The authors have declared that no competing interests exist.

Figures

Figure 1
Figure 1. Swd2.2 antagonizes the association of Condensin with chromatin.
A. Serial dilutions of the indicated strains were plated on rich media at the indicated temperatures. B. Chromosome segregation in anaphase was visualized after tubulin staining in cells of the indicated genotypes grown for one generation at 34°C. C. Anaphases were scored as defective when chromatin was detected lagging between the two main DNA masses. For each genotype, a minimum of 6 independent experiments was performed in which a minimum of 100 anaphase cells was scored. ***p<0,001 Wilcoxon - Mann Whitney. D and E. Same as A and C, except that in E, 3 independent experiments were performed. F. The indicated strains were grown at 34°C for 3 hours and ChIP-qPCR was performed to analyze the amount of Cut14-GFP cross-linked to chromatin (mean ± standard deviation from 6 biological replicates). See text for details for the statistical analysis of the experiments.
Figure 2
Figure 2. Lack of Swd2.2 reduces the association of the RNA Pol III transcription machinery with chromatin.
A. Asynchronous populations of the indicated strains were grown at 30°C and ChIP-qPCR was performed to analyze the amount of Swd2.2-3flag cross-linked to chromatin (mean ± standard deviation from 4 biological replicates).
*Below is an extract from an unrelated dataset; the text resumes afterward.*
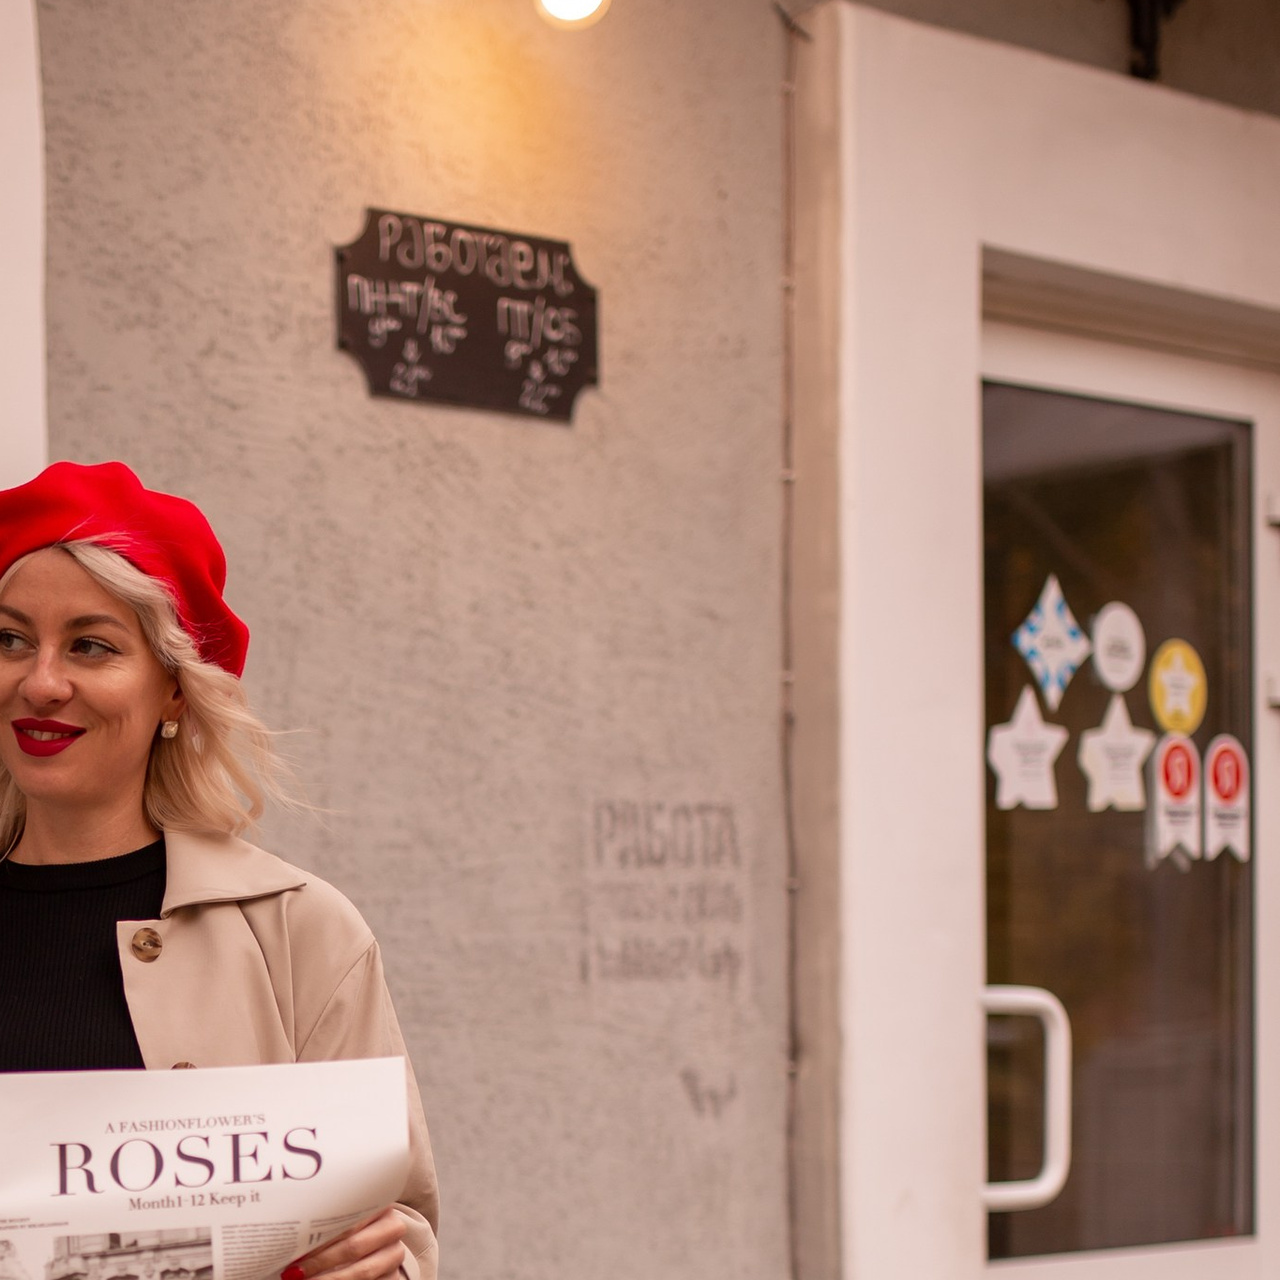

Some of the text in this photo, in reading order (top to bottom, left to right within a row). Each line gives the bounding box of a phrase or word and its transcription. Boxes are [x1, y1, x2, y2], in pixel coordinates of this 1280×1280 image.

[105, 1123, 115, 1134] A
[50, 1126, 323, 1197] ROSES
[210, 1192, 244, 1209] Keep
[249, 1191, 260, 1204] it
BC. ChIP qPCR analysis of the indicated strains grown at 30°C. Mean ± standard deviation from 5 biological replicates. *<0,05; **<0,01; Wilcoxon - Mann Whitney. D. Western blot analysis of total protein extracts of the indicated strains. Tubulin (TAT1 antibody) is used as a loading control. E. qRT-PCR analysis of sfc6 expression in swd2.2+ and swd2.2Δ cells (mean ± standard deviation from 3 biological replicates) F. Serial dilutions of the indicated strains were plated on rich media at the indicated temperatures.
Figure 3
Figure 3. Swd2.2 facilitates the function of the CPF.
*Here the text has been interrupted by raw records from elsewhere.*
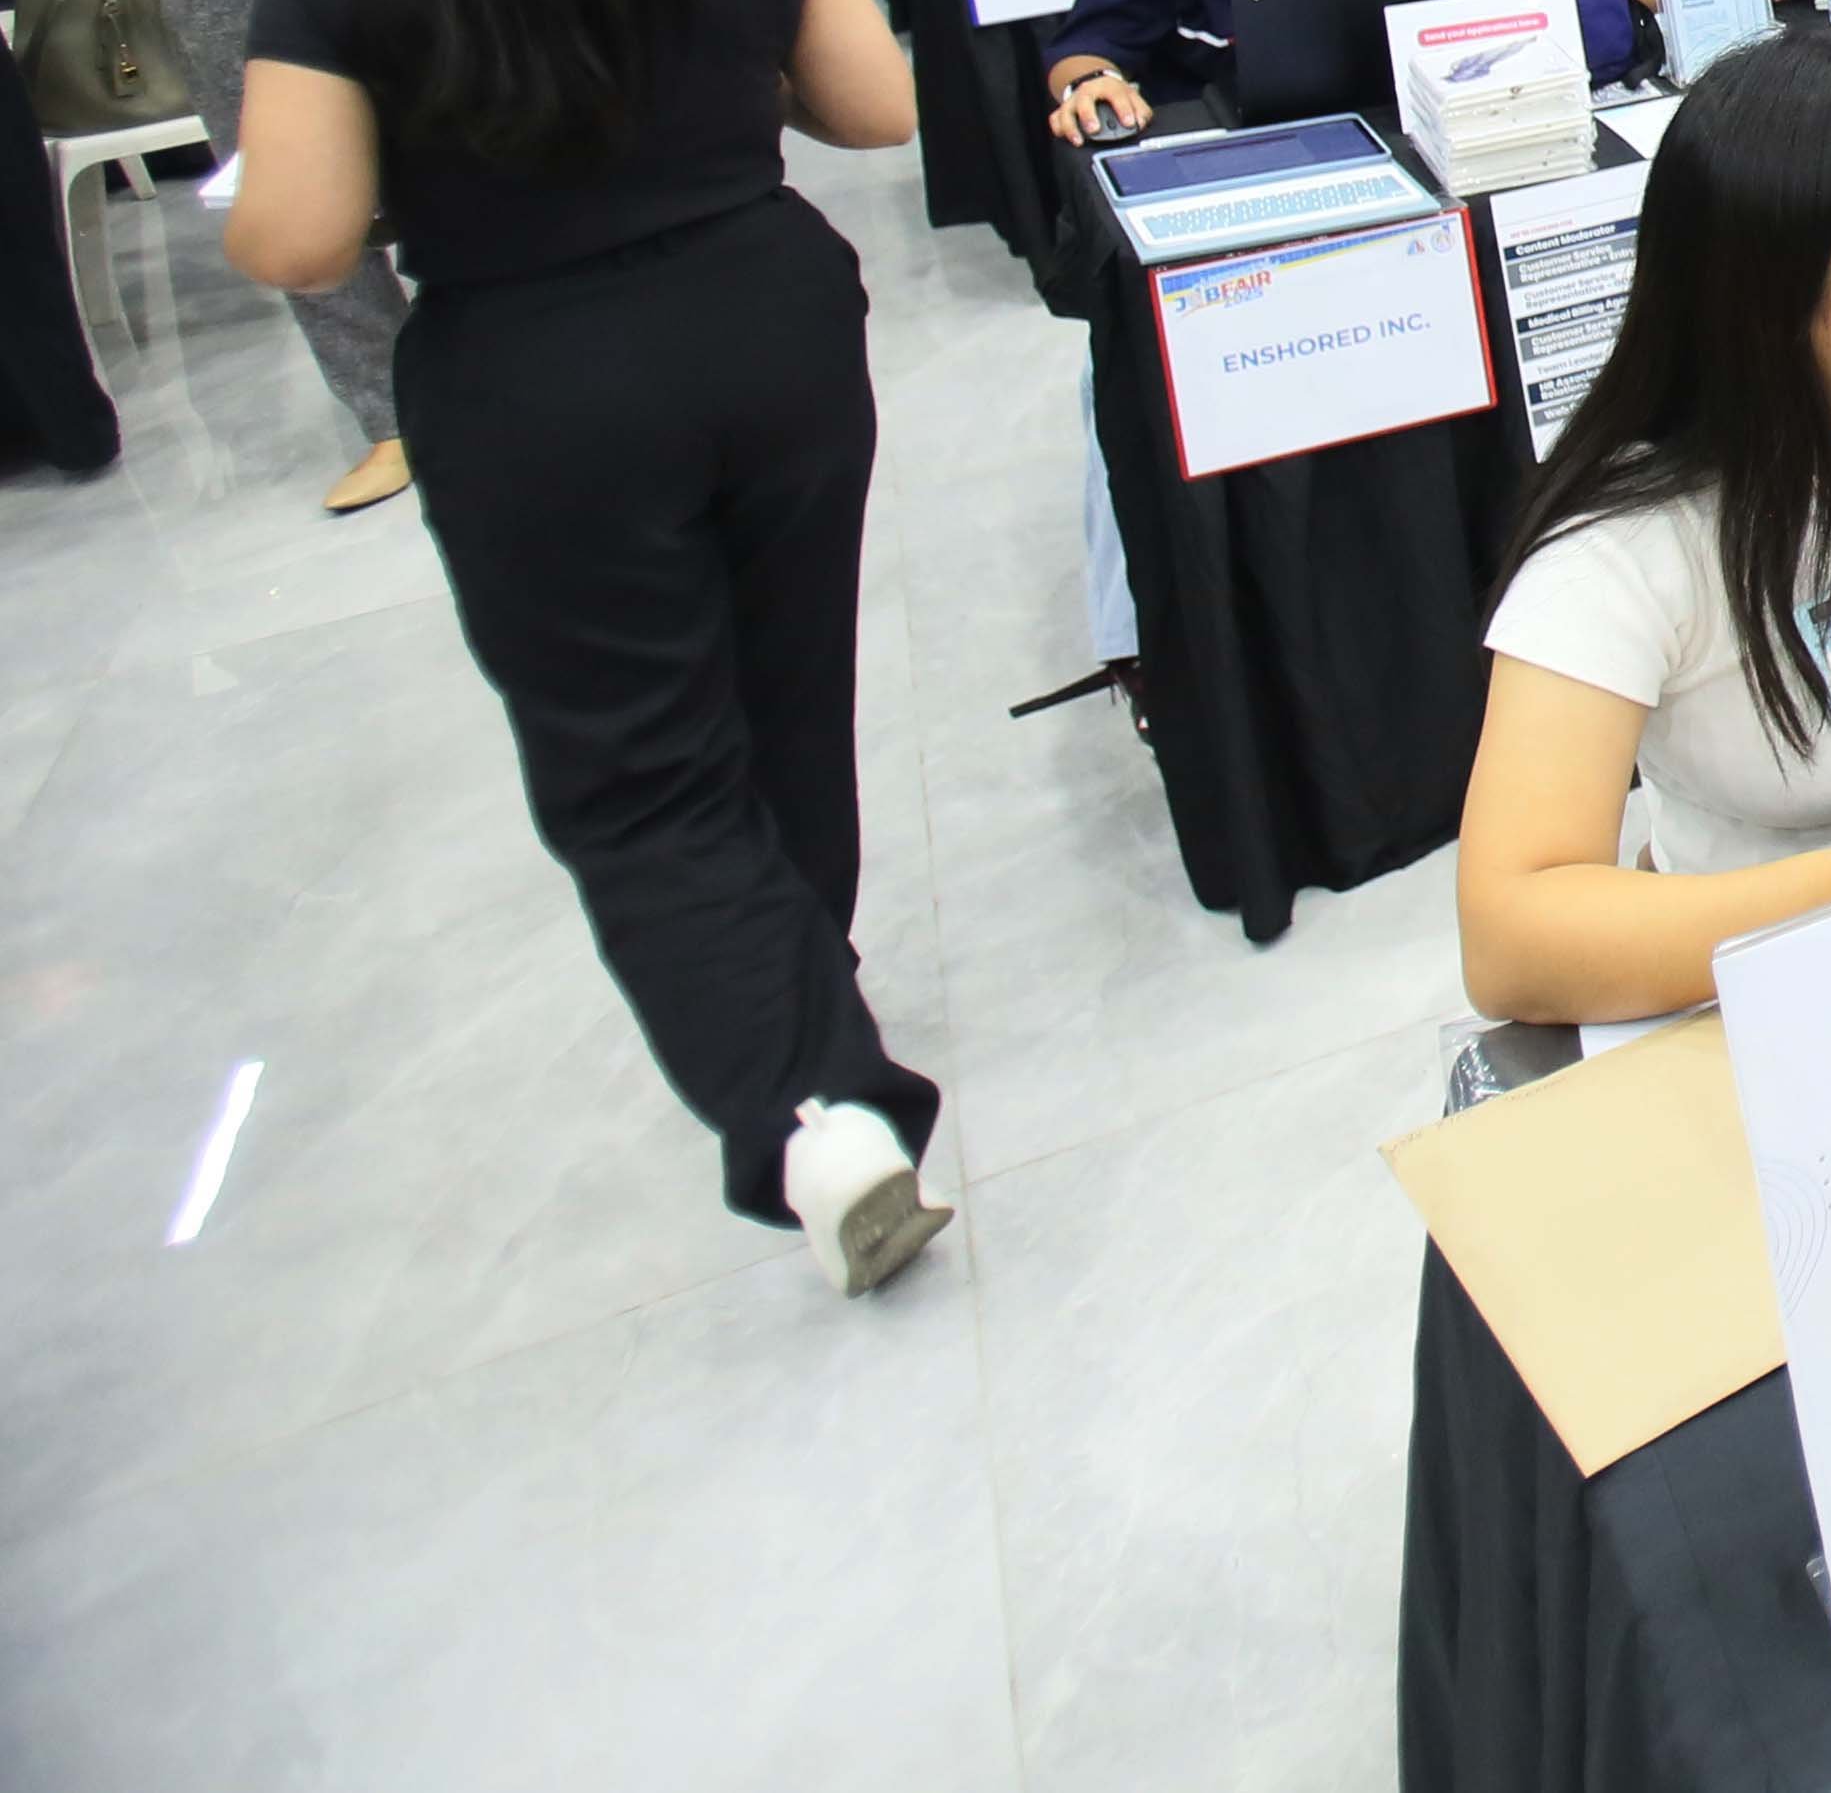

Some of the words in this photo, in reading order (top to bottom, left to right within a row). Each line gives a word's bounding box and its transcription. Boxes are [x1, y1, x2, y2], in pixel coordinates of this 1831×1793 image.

[1515, 237, 1561, 256] Content
[1560, 224, 1616, 246] Moderator
[1519, 251, 1573, 273] Customer
[1223, 324, 1372, 374] ENSHORED
[1379, 312, 1432, 339] INC.
A. Serial dilutions of the indicated strains were plated on rich media at the indicated temperatures. B. The CPF component Yth1 tagged at the endogenous locus with 3flag epitopes was immuno-precipitated from cycling cells in the presence or absence of Swd2.2. Whole cell extracts (WCE) and the immuno-precipitated material (Flag IP) were analyzed by western blot. Yth1-3flag interacts with Pfs2-GFP whether or not Swd2.2 is present. Arrows indicate aspecific bands on the western blot. C. Asynchronous populations of the indicated strains were grown at 30°C and ChIP-qPCR was performed to analyze the amount of Pfs2-GFP cross-linked to chromatin (mean ± standard deviation from 4 biological replicates). D. Western blot analysis of total protein extracts of the indicated strains. Tubulin (TAT1 antibody) is used as a loading control.
Figure 4
Figure 4. Swd2.2 facilitates the localization of PP1 phosphatase by interacting with the PNUTS homologue Ppn1.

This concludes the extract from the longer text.